O ano era o de 1968. Vivíamos os horrores a ditadura militar, da farsa do “Brasil, ame-o ou deixe-o”. Ocasião em que você chegava às terras de Mato Grosso, vindo da sua Espanha. A sua boa vinda foi à ação covarde dos militares, embarcando os Xavante nos aviões da FAB, retirando-os a força de suas terras imemoriais e os levando para as aldeias da Terra Indígena de São Marcos, 500 quilômetros distantes daqui. Em estando lá, somente na primeira semana, cerca de 70 deles perderam suas vidas, pois não estavam acostumados ao contato com outros.
E você indignado, pois a terra que pertencia ao povo A’uwé, fora entregue a uma grande empresa multinacional (Agip-Liquigás), que instalou na terra dos povos originários, um grande latifúndio pecuarista, a Fazenda Suiá Missu, nos 168 mil hectares do Território A’uwé Uptabi de Marãiwatsédé. Esta era a prática comum dos militares, fazendo média e distribuindo terras para os grandes fazendeiros, instalarem os seus latifúndios. Fazem sentido as palavras ditas entre muitas lágrimas, pelo cacique Xavante Damião Paridzané, na sua despedida: “Nós perdemos os guardião de nossas causas.”
Inconformado com tamanha agressão e violência aos povos indígenas, você, no primeiro ano de bispo à frente da Prelazia de São Félix do Araguaia, trata logo de criar, juntamente com D. Tomás de Balduino, em 1972, o Conselho Indigenista Missionário – CIMI. Órgão vinculado à Conferência Nacional dos Bispos do Brasil – CNBB, com o objetivo precípuo de lutar pelo direito à diversidade cultural dos povos indígenas. Você já estava pensando longe, uma vez que este órgão tornou-se a principal referência e uma pedra no sapato das pretensões dos latifundiários de plantão.
Pedro é o cara! Um homem de visão! Caminhando sempre à frente de seu tempo. Atuando numa vasta extensão de terra, como está descrito no Hino da Prelazia de São Félix “Do Araguaia até o Xingu. Do Pará ao Travessão. Prelazia de São Félix. Povo de Deus no Sertão.” No “Vale dos Esquecidos”. Um povo sempre à margem de tudo e de todos.
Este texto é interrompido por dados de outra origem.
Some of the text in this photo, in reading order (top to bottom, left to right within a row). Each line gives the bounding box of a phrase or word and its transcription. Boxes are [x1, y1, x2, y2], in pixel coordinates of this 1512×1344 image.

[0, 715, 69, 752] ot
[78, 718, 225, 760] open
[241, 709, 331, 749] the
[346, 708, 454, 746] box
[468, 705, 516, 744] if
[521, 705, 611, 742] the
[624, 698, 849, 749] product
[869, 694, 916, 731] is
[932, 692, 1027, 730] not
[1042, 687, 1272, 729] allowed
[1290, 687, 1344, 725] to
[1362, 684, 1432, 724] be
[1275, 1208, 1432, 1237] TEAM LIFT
Os “ninguém”, colocados fora da história. E você viu que precisava também criar um órgão que lidasse diretamente com as questões ligadas à terra. Assim, em outubro de 1975, também em parceria com Tomás, cria a Comissão Pastoral da Terra – CPT. Uma instituição, vinculada a Conferência Nacional dos Bispos do Brasil – CNBB, para atuar nas questões agrárias.
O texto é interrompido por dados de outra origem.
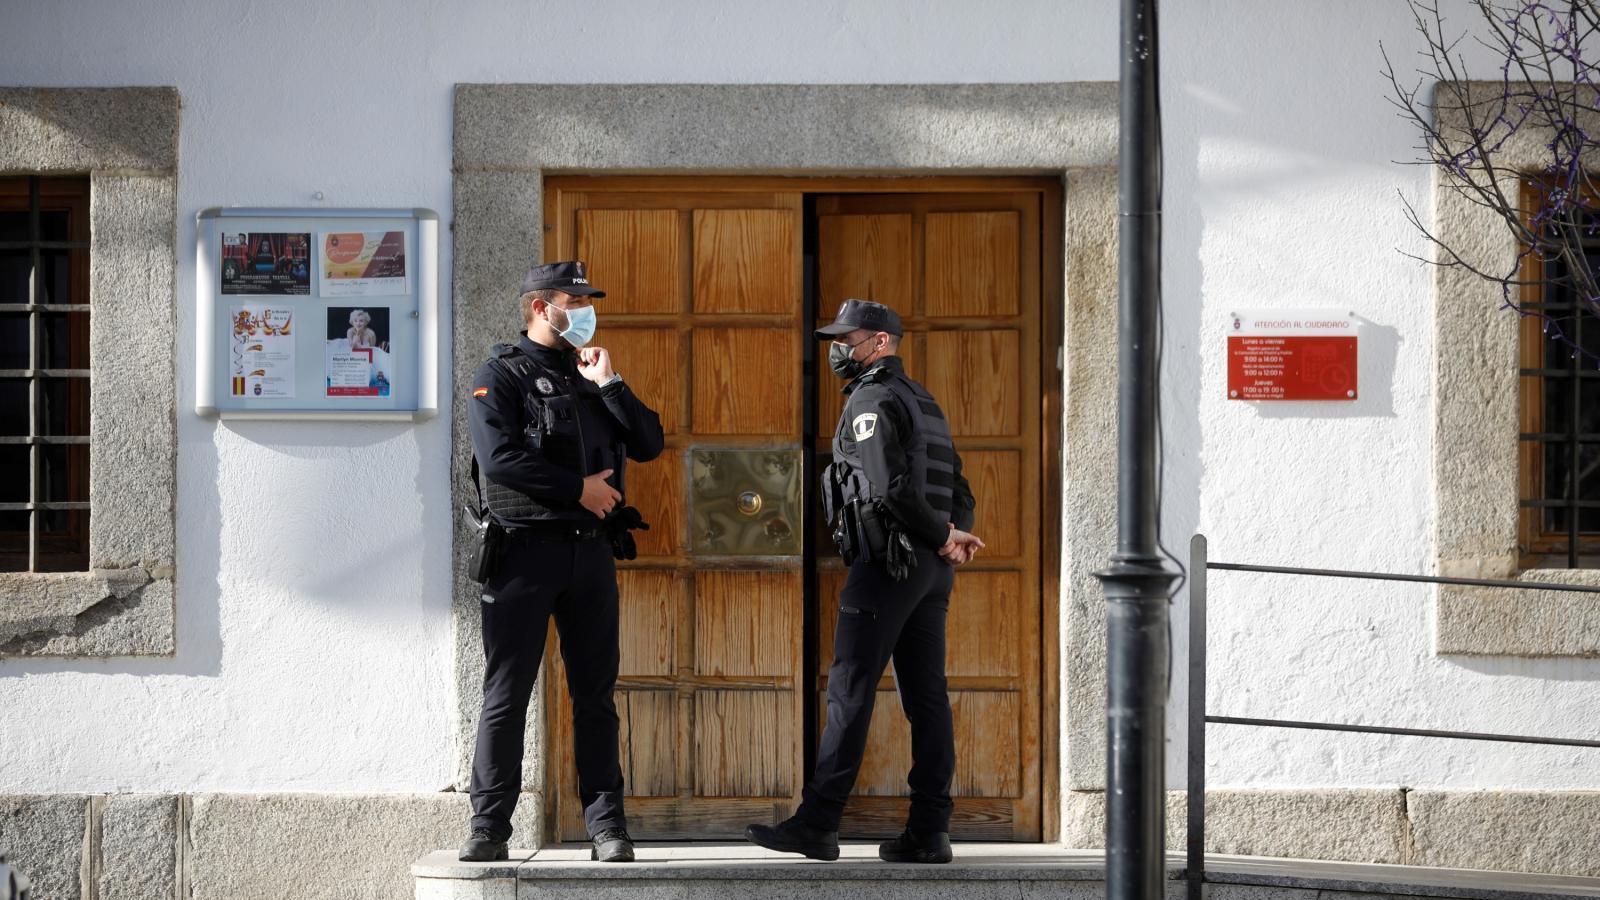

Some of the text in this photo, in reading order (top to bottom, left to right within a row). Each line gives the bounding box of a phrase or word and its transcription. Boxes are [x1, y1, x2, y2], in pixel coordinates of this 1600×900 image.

[1254, 320, 1350, 329] ATENCIÓN AL CIUDADANO
Você era o típico pastor que não gostava de trabalhar sozinho. Trazia sempre junto a si um grupo de pessoas que pensavam e atuavam juntos. Foi assim que idealizou e constituiu a prelazia. Uma igreja anticlerical na sua essência, conduzida sob sua batuta, mas recheada com a participação dos leigos, mulheres, os chamados agentes de pastoral. Muitos aderiram ao seu projeto de Igreja. Pessoas dos mais variados lugares do Brasil e do mundo, vieram somar contigo neste sonho utópico de fazer o REINO acontecer nestas terras dos ninguém.
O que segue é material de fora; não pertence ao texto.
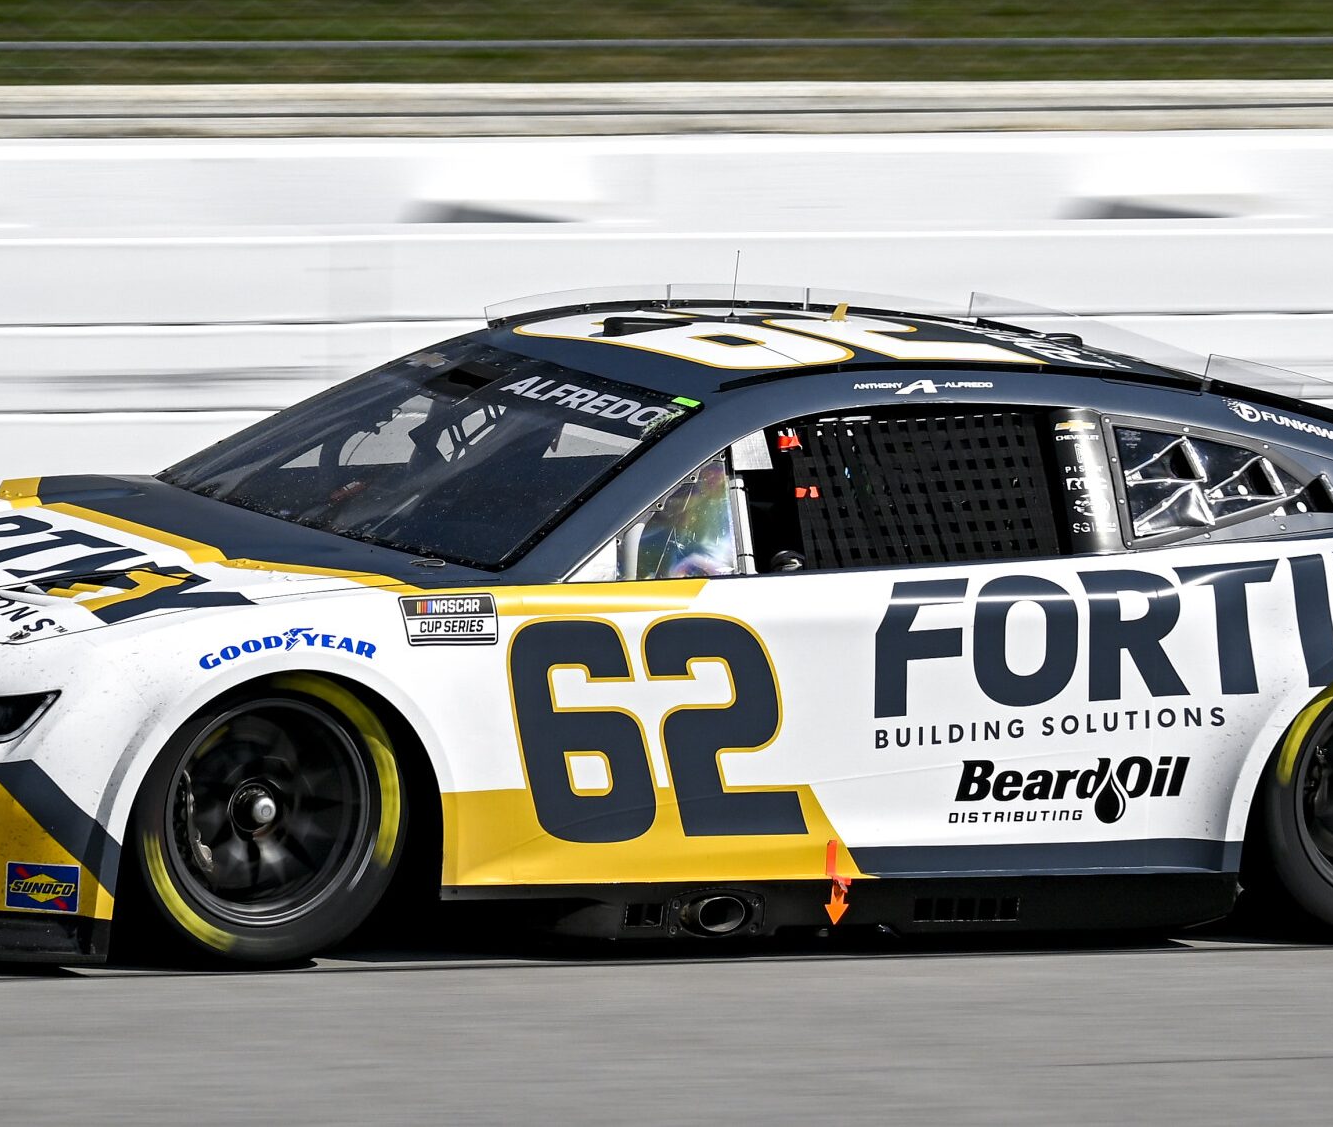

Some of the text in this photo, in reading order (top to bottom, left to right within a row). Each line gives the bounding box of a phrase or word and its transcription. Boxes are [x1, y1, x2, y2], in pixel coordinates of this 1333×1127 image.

[853, 382, 903, 390] ANTHONY
[499, 375, 670, 427] ALFREDO
[432, 599, 480, 614] NASCAR
[419, 619, 484, 633] CUP SERIES
[506, 612, 809, 844] 62
[874, 706, 1226, 749] BUILDING SOLUTIONS
[948, 810, 1083, 824] DISTRIBUTING
[10, 879, 75, 897] SUNOCO
Uma igreja formada por muitas mulheres. A participação feminina era de fundamental importância. Você possibilitou o protagonismo das mulheres. Coisa que na nossa Igreja anda faltando. As mulheres sempre relegadas a um segundo plano, mesmo com a expressiva maioria delas, participando de nossas comunidades por aí afora. Numa das primeiras reuniões dos agentes de pastoral que participei, no entro Comunitário Tia Irene, lá pelos idos de 1992, presenciei uma cena que me marcou muito. As mulheres tecendo duras críticas ao bispo. E você ali, ouvindo atentamente. Ao término da fala delas, você simplesmente disse que elas tinham razão e que iria procurar se corrigir. As mulheres tinham autonomia de vez e voz tanto quanto aos homens.
Por fim, quero lembrar-me de uma das coisas que também você criou, com a qualidade Pedro de fazer as coisas. E não estou falando da “Missa da Terra Sem Males” e nem da “Missa dos Quilombos”. Falo da criação do Arquivo da Prelazia. Este que começou com pequenos recortes de jornais da época, feitos pelo trabalho incansável da Tia Irene. Este espaço de informação, acerca do desenrolar histórico da região do Araguaia, tornou-se um dos maiores arquivos vivos da história que não se perdeu e nem foi em vão. Consultado por centenas de mestrandos, doutorandos e pós-doutorandos. Está vendo porque você é o cara? Sempre pensou à frente de seu tempo.